What the task asks :: What you return must be the full data, repeated verbatim, with no pictures in it.

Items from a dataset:
----------
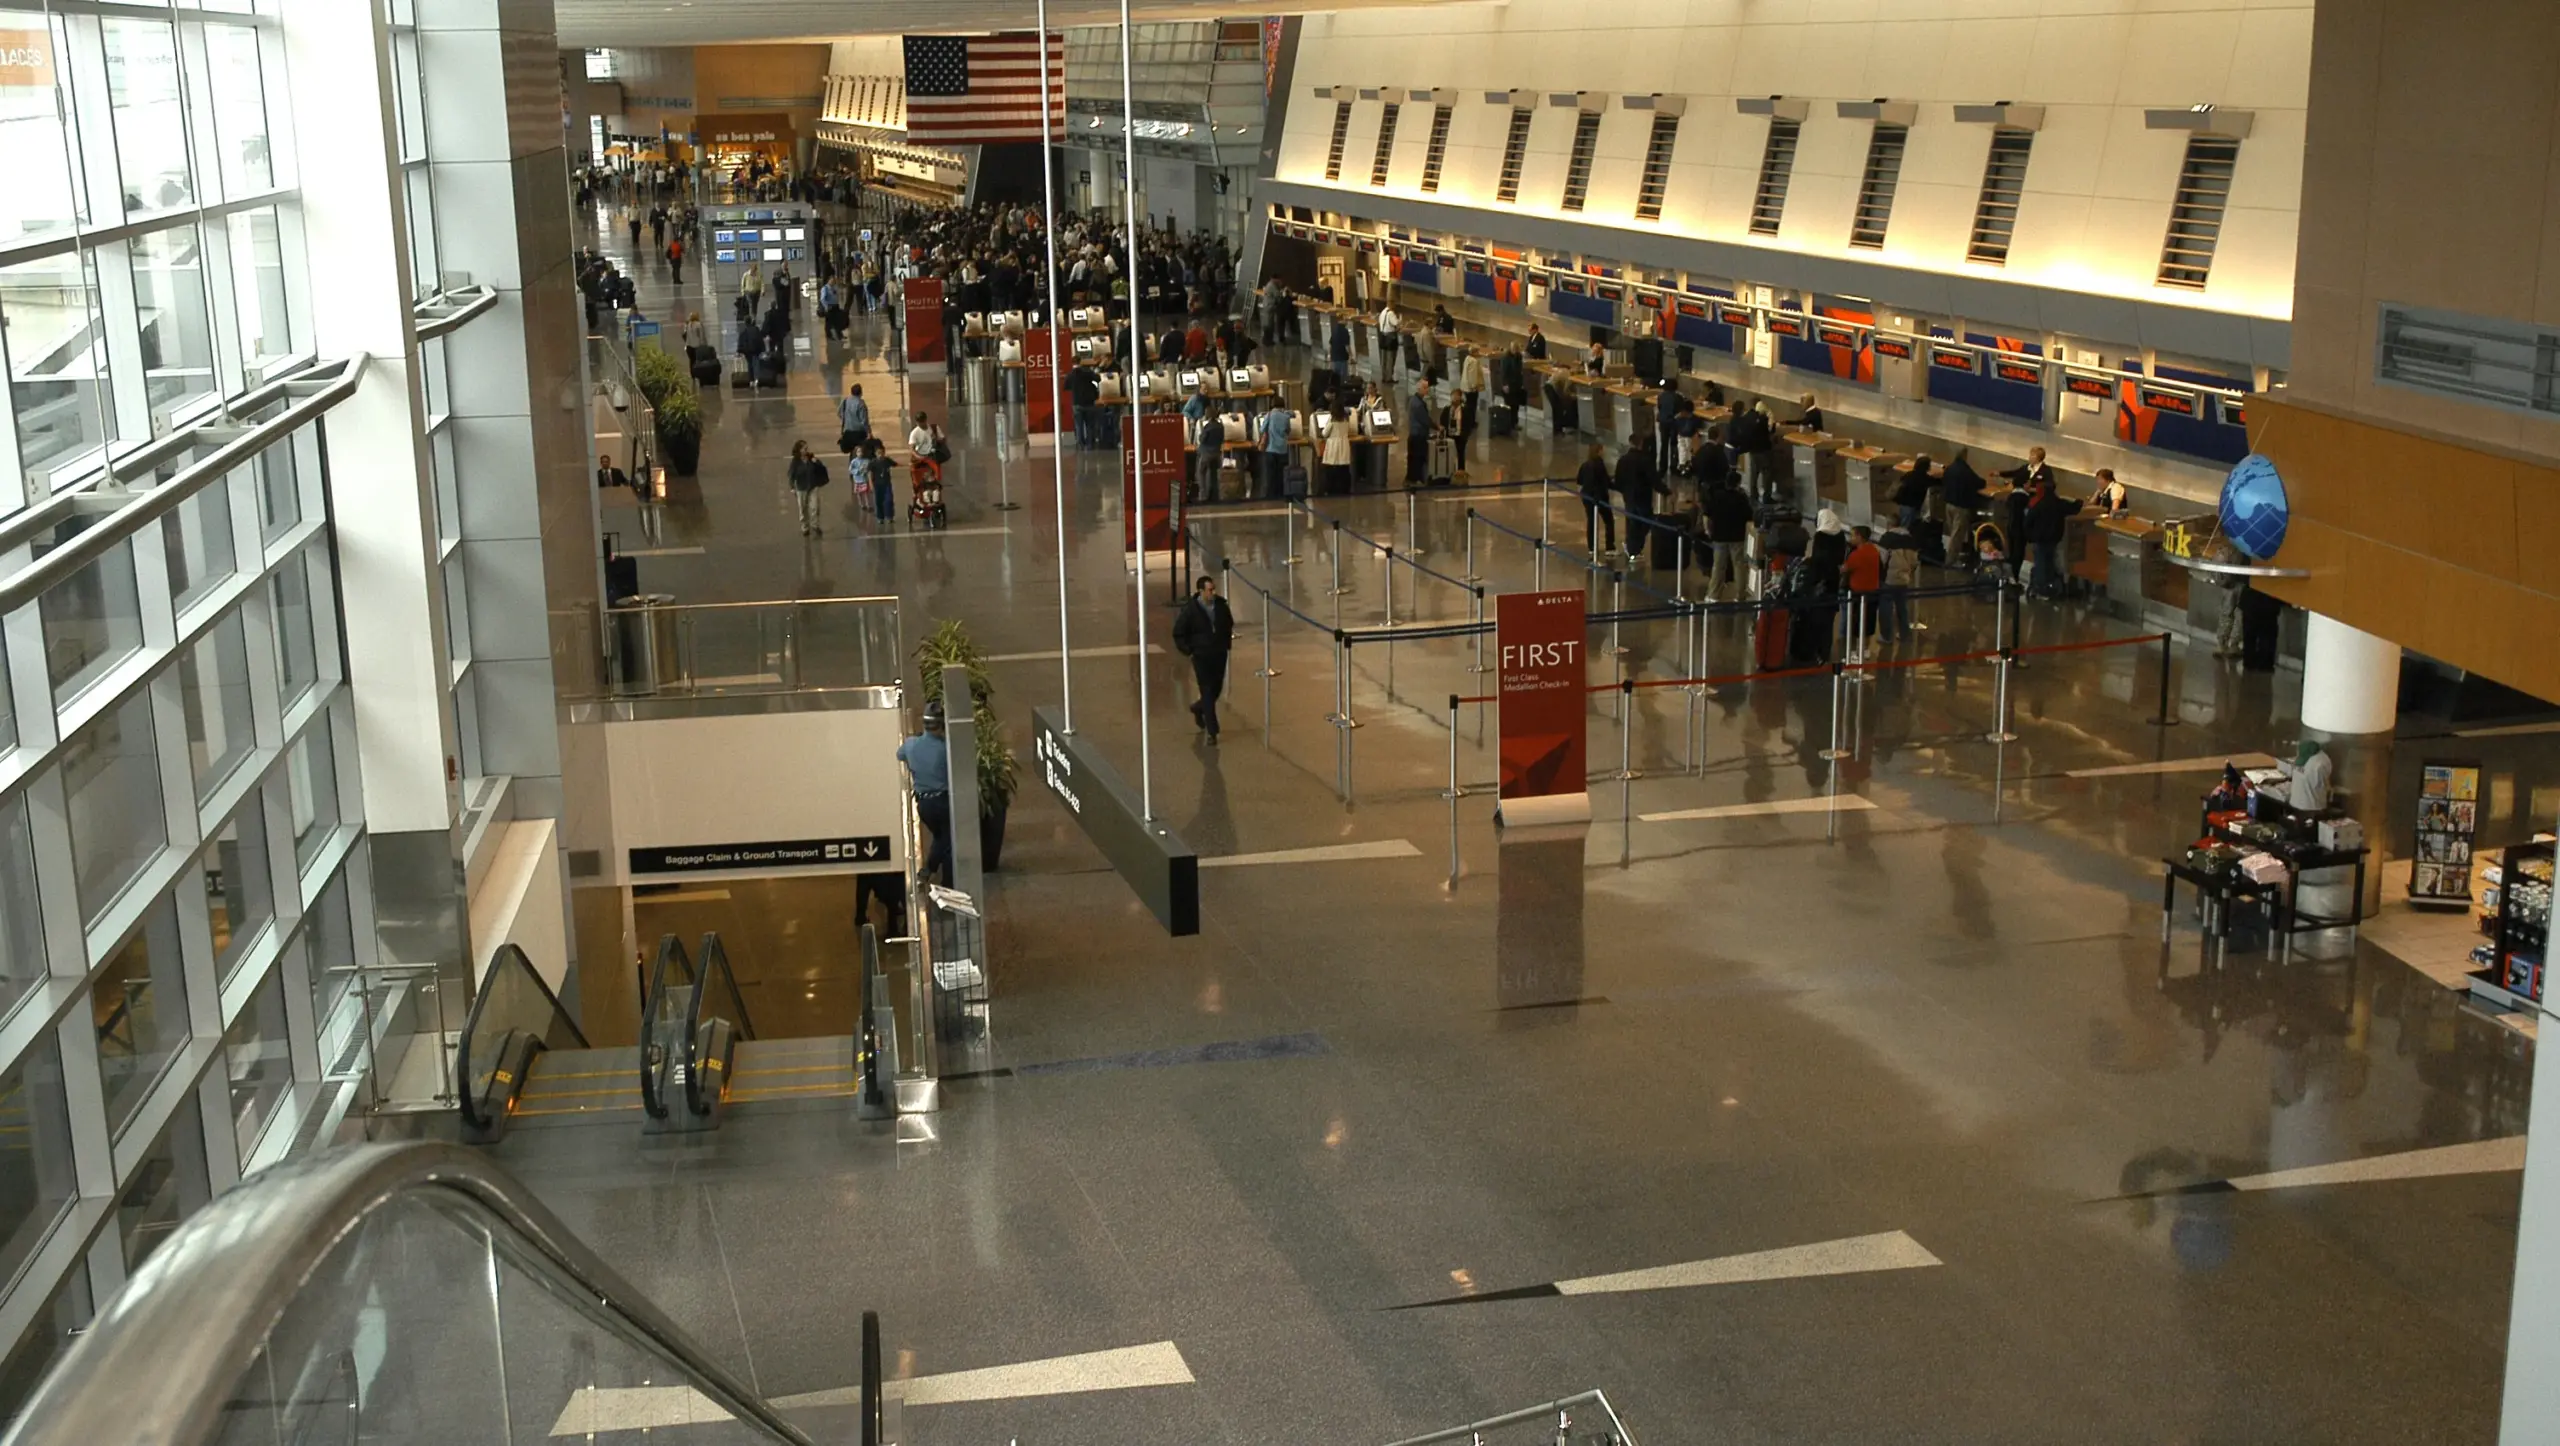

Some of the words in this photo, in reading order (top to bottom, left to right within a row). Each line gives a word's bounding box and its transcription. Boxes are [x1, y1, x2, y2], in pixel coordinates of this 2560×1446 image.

[731, 131, 750, 141] bon
[1027, 354, 1062, 368] SEL
[1545, 596, 1572, 604] DELTA
[1503, 641, 1579, 669] FIRST
[1503, 674, 1519, 683] First
[1520, 673, 1539, 681] Class
[1503, 683, 1538, 692] Medallion
[1539, 680, 1570, 689] Check-in
[665, 855, 705, 865] Baggage
[706, 853, 732, 862] Claim
[743, 851, 775, 860] Ground
[778, 849, 819, 860] Transport
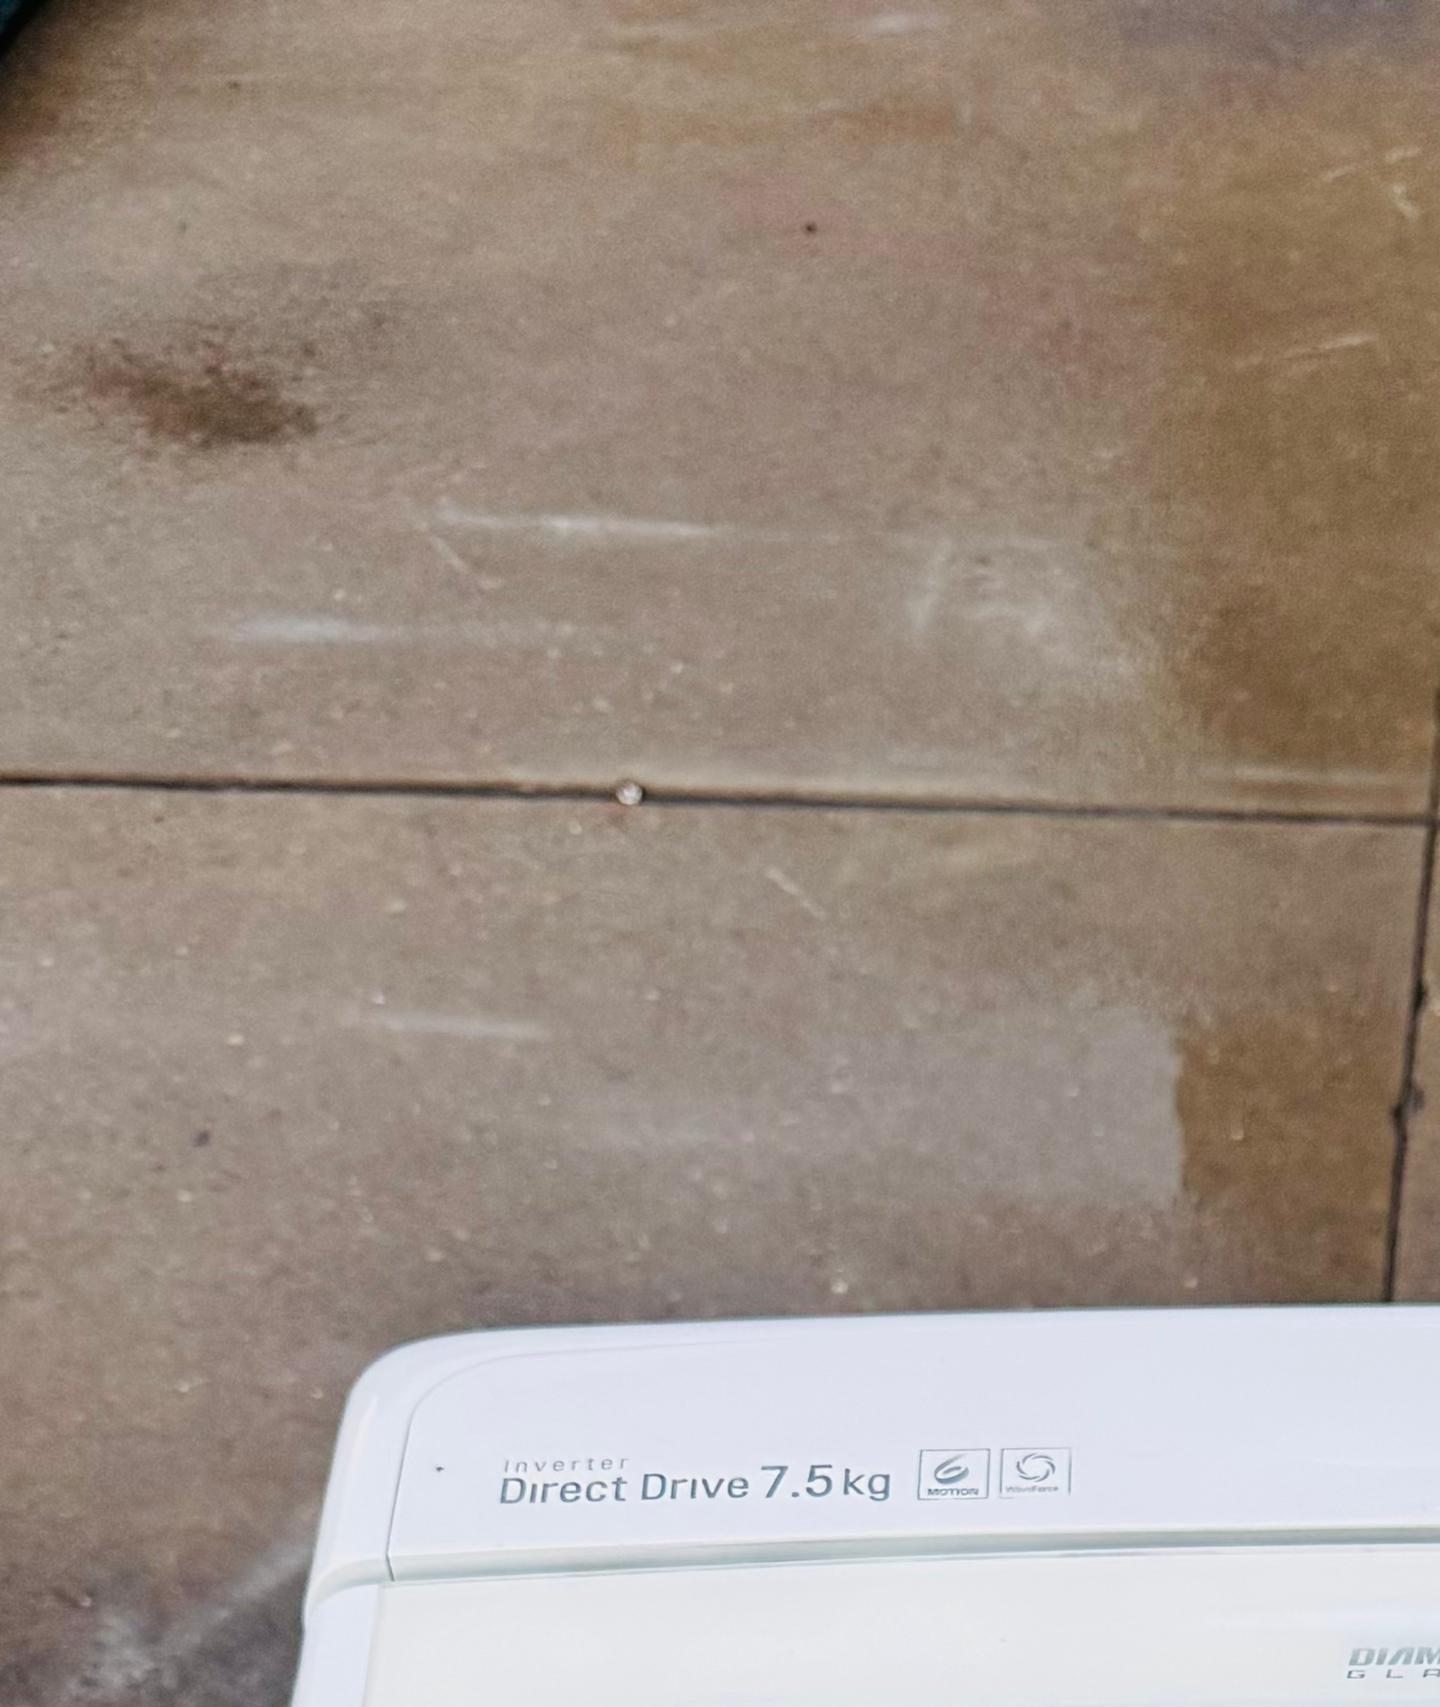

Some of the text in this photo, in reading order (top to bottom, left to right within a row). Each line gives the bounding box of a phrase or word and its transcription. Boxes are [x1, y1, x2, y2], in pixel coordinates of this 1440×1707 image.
----------
Result for this exercise ::
Some of the words in this photo, in reading order (top to bottom, left to right within a row). Each line gives a word's bounding box and its transcription. Boxes are [x1, y1, x2, y2], in pixel coordinates of this 2560×1446 image.

[731, 131, 750, 141] bon
[1027, 354, 1062, 368] SEL
[1545, 596, 1572, 604] DELTA
[1503, 641, 1579, 669] FIRST
[1503, 674, 1519, 683] First
[1520, 673, 1539, 681] Class
[1503, 683, 1538, 692] Medallion
[1539, 680, 1570, 689] Check-in
[665, 855, 705, 865] Baggage
[706, 853, 732, 862] Claim
[743, 851, 775, 860] Ground
[778, 849, 819, 860] Transport

Some of the text in this photo, in reading order (top to bottom, left to right within a row). Each line gives the bounding box of a phrase or word and its transcription. Boxes are [x1, y1, x2, y2], in pixel coordinates of this 1440×1707 image.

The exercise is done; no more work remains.